* _WHAT IS EXPECTED_:
Leave out the pictures and give back all the entries exactly as written.

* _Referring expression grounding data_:
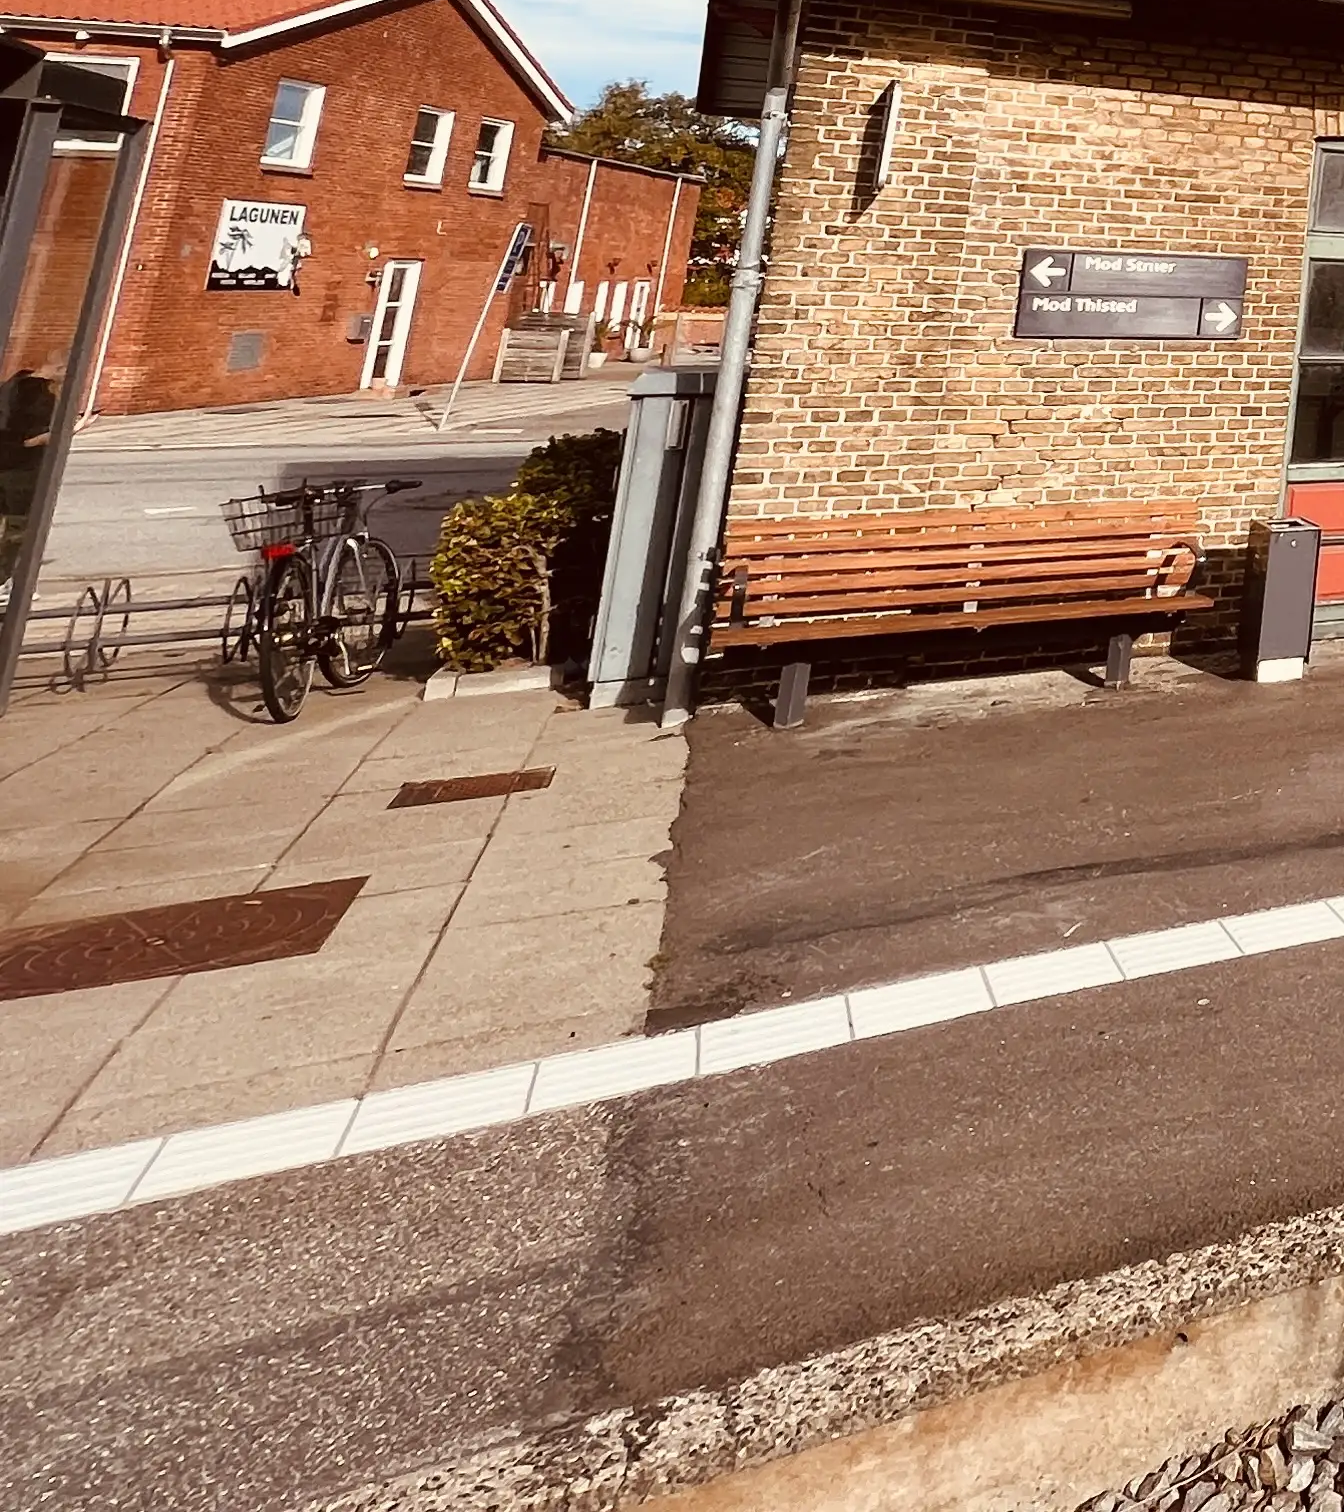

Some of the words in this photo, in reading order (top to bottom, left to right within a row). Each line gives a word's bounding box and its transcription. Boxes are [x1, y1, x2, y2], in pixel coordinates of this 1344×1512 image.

[229, 206, 300, 225] LAGUNEN
[1085, 256, 1122, 271] Mod
[1032, 297, 1072, 312] Mod
[1075, 298, 1138, 313] Thisted
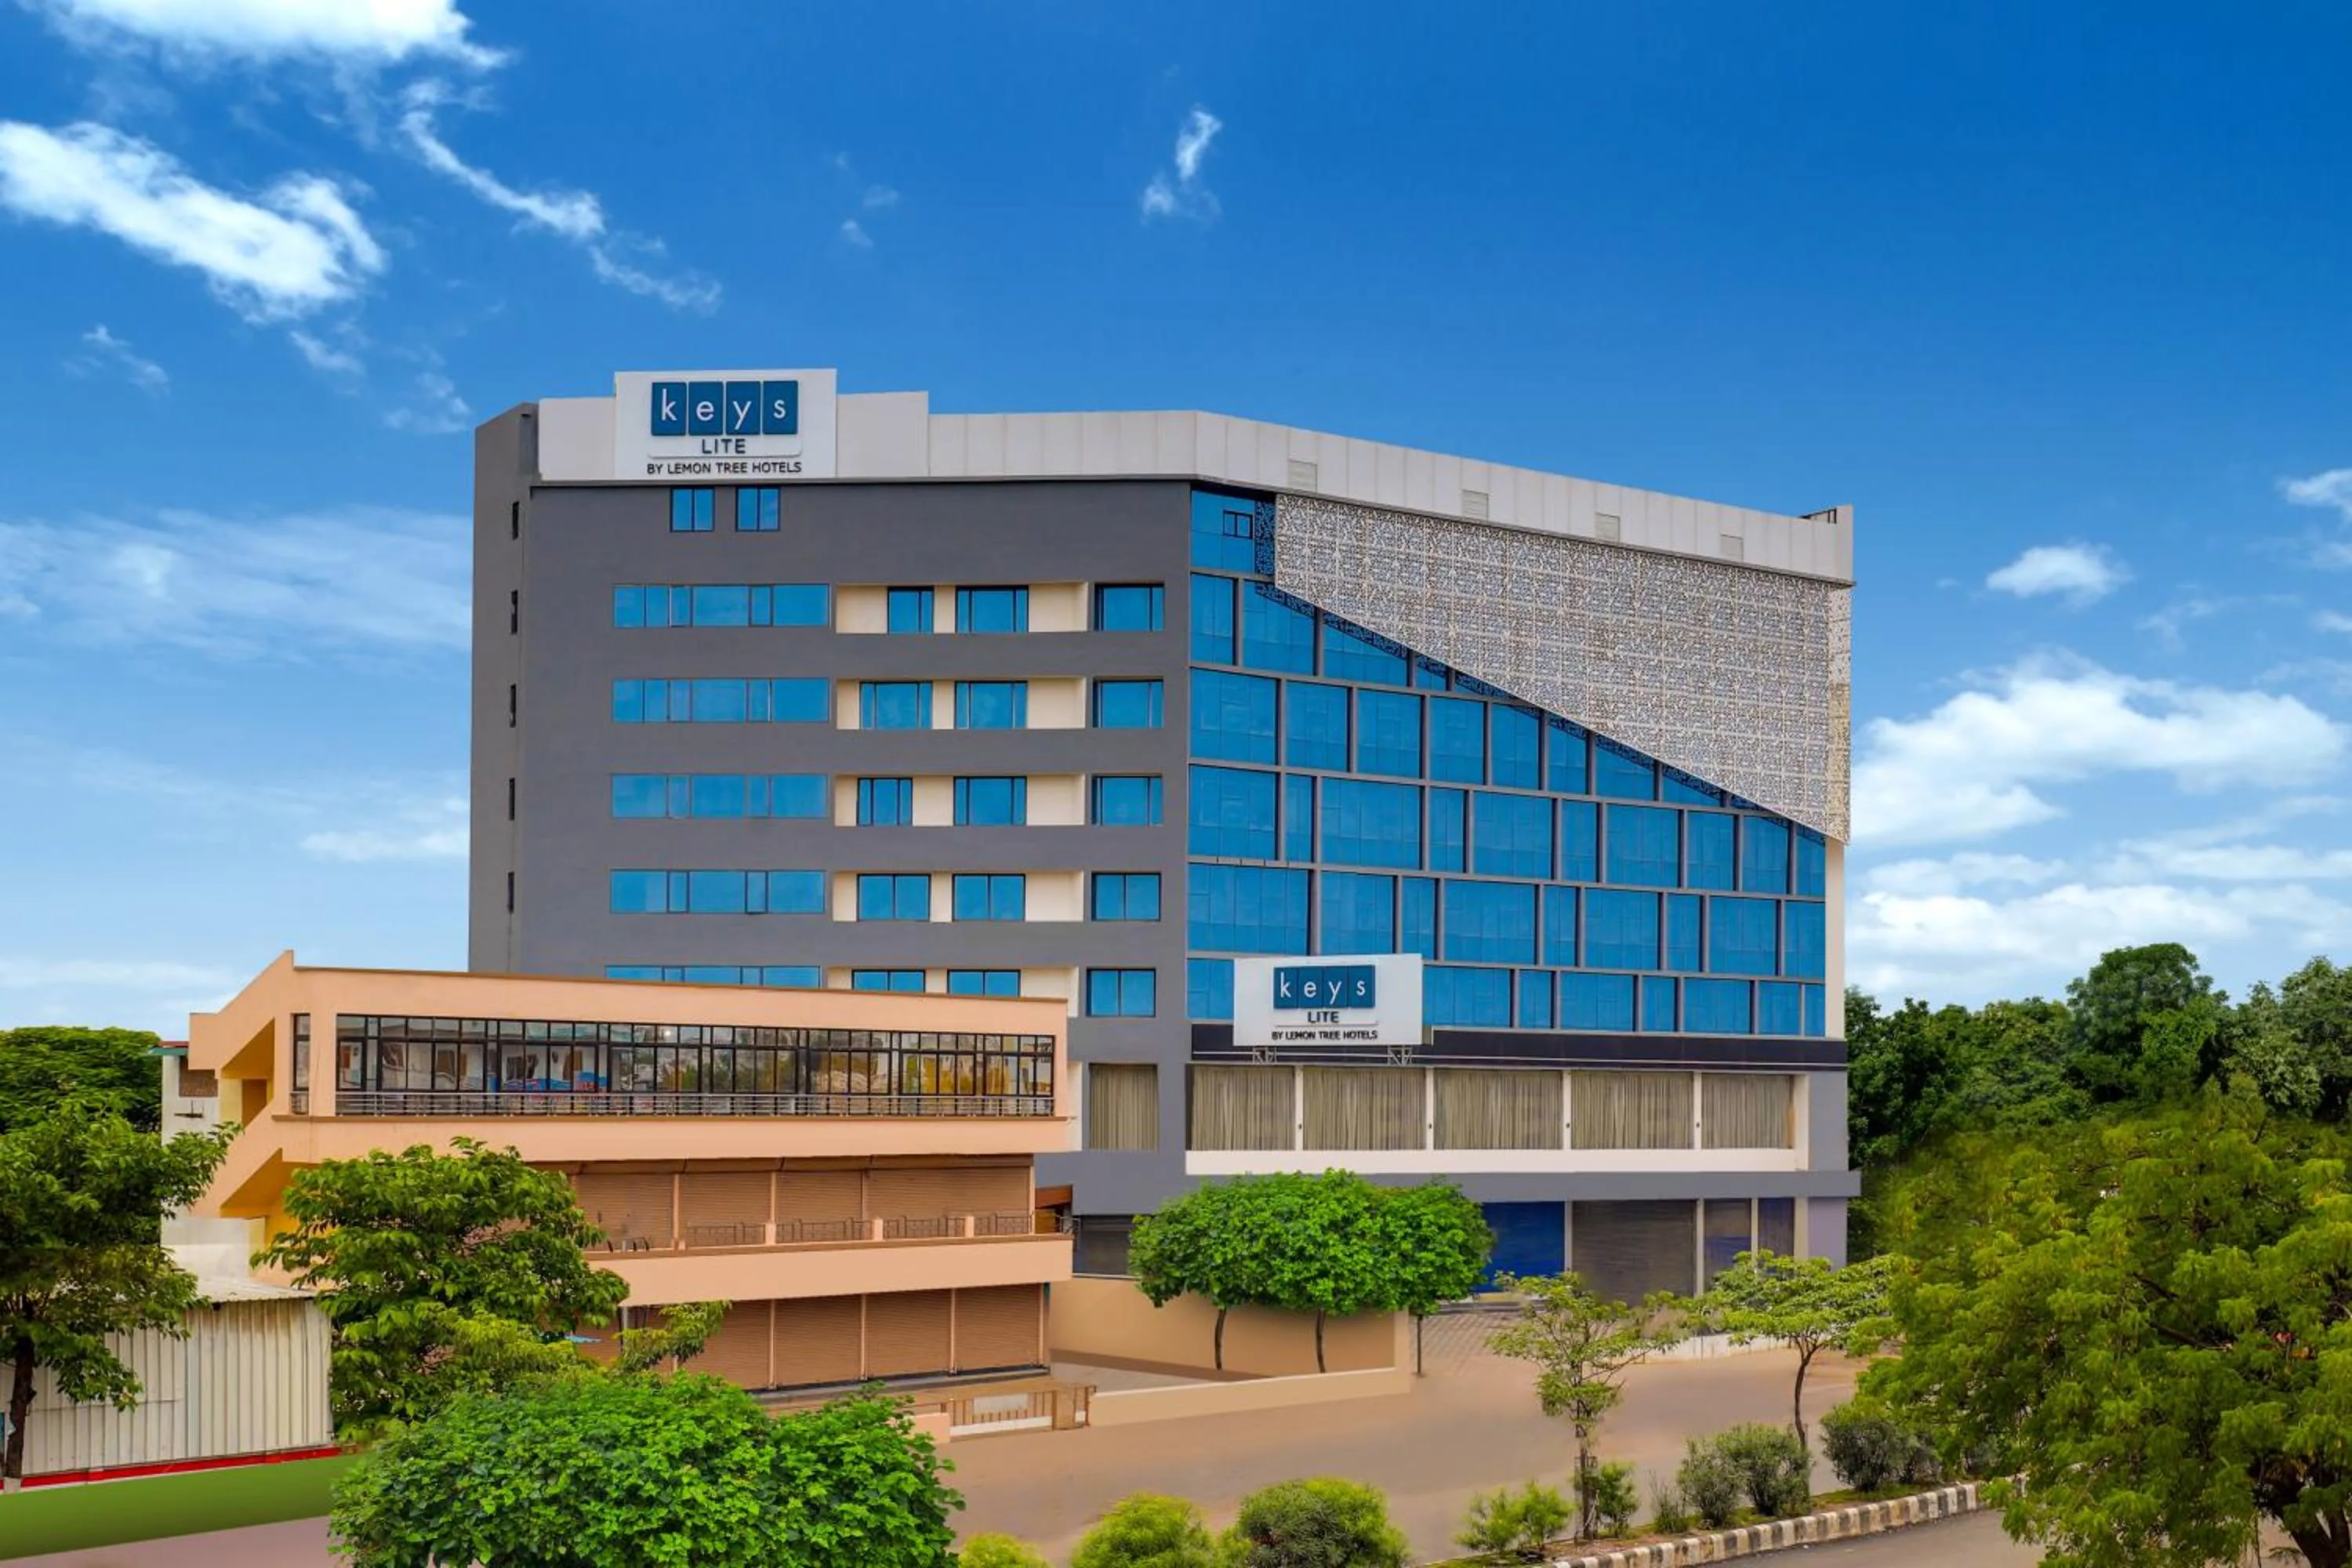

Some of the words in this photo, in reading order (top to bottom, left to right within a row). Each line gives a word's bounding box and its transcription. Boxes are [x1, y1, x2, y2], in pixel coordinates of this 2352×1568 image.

[661, 388, 786, 430] keys
[702, 438, 746, 454] LITE
[647, 463, 662, 474] BY
[667, 463, 711, 474] LEMON
[716, 462, 748, 474] TREE
[752, 462, 801, 473] HOTELS
[1279, 971, 1366, 1004] keys
[1308, 1011, 1339, 1023] LITE
[1272, 1031, 1283, 1040] BY
[1285, 1031, 1316, 1040] LEMON
[1319, 1031, 1341, 1040] TREE
[1343, 1030, 1377, 1040] HOTELS

* _EXERCISE SOLUTION_:
Some of the words in this photo, in reading order (top to bottom, left to right within a row). Each line gives a word's bounding box and its transcription. Boxes are [x1, y1, x2, y2], in pixel coordinates of this 1344×1512 image.

[229, 206, 300, 225] LAGUNEN
[1085, 256, 1122, 271] Mod
[1032, 297, 1072, 312] Mod
[1075, 298, 1138, 313] Thisted

Some of the words in this photo, in reading order (top to bottom, left to right within a row). Each line gives a word's bounding box and its transcription. Boxes are [x1, y1, x2, y2], in pixel coordinates of this 2352×1568 image.

[661, 388, 786, 430] keys
[702, 438, 746, 454] LITE
[647, 463, 662, 474] BY
[667, 463, 711, 474] LEMON
[716, 462, 748, 474] TREE
[752, 462, 801, 473] HOTELS
[1279, 971, 1366, 1004] keys
[1308, 1011, 1339, 1023] LITE
[1272, 1031, 1283, 1040] BY
[1285, 1031, 1316, 1040] LEMON
[1319, 1031, 1341, 1040] TREE
[1343, 1030, 1377, 1040] HOTELS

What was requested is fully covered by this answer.